If you learned early on to stay quiet, not rock the boat, or put others first, you may still find yourself pausing your own needs. Not because you don’t know what you want — but because it never felt safe to want out loud.
Change, for people with childhood trauma, rarely arrives as a bold declaration. More often, it begins quietly.
The Habit of Holding Back
Many of my clients grew up in families or cultures where children — especially girls — were expected to be compliant, grateful, and unseen. Using your voice might have led to criticism, withdrawal, or shame. So you learned to adapt.
That adaptation worked. It helped you survive.
But decades later, it can look like:
- hesitating before speaking
- minimising your needs
- carrying responsibility that isn’t yours
- feeling unsure who you are beneath what others expect
This isn’t a flaw.
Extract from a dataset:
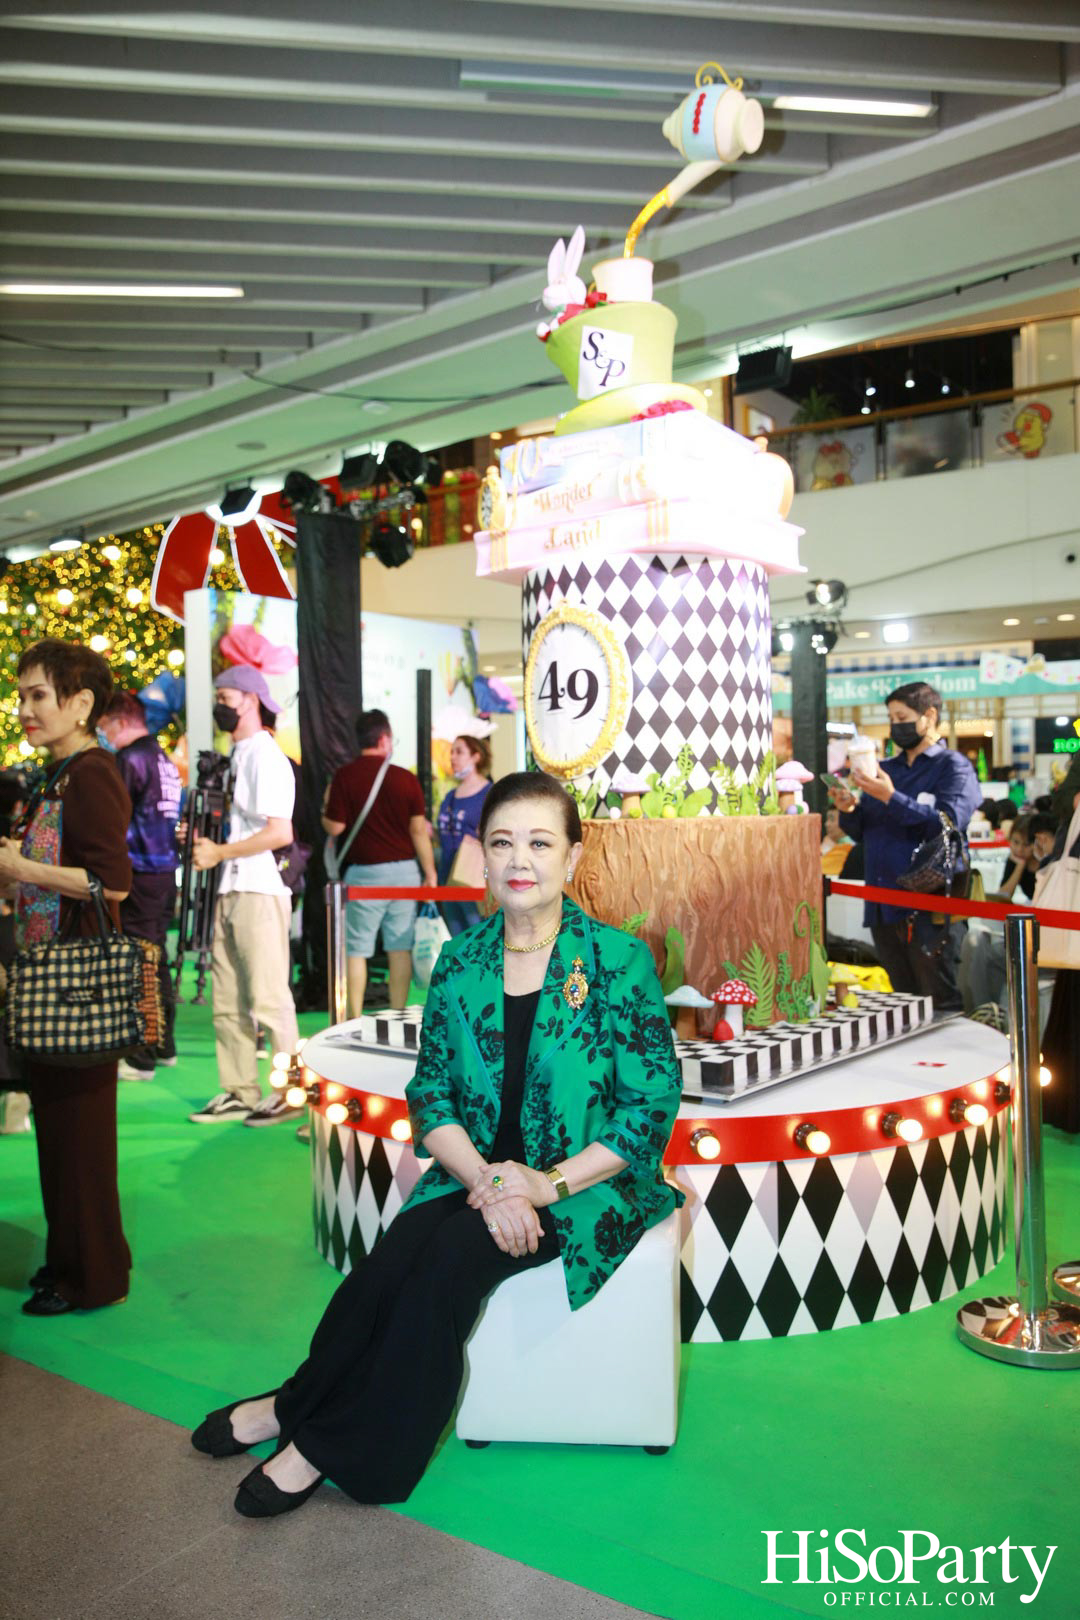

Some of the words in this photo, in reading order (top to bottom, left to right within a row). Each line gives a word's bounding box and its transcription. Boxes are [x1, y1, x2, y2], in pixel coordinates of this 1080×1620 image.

It’s a learned response.
Why This Season Can Stir Something
Late winter often brings restlessness. You may feel tired of carrying things quietly, yet unsure how to let go. There can be a gentle ache — not dramatic, but persistent — that something needs to shift.
This is often when people begin therapy. Not in crisis, but in honesty.
Change Doesn’t Have to Be Loud
Healing doesn’t require confrontation or reinvention. For many adults, it begins with:
- noticing your body soften when you say no
- allowing yourself to rest without justification
- naming a truth privately before sharing it
- feeling your own presence more fully
These are not small things. They are profound.
Therapy as a Gentle Thaw
Therapy can be an accepting space where nothing needs to be proven. A place to explore who you are beneath old rules and expectations. To move at a pace that honours how long you’ve been holding things in.
Just as winter gives way gradually, so does healing.
If this season feels quiet but heavy, you’re not behind. You may simply be at the beginning of a softer kind of change — one that starts with listening to yourself.
And that is more than enough.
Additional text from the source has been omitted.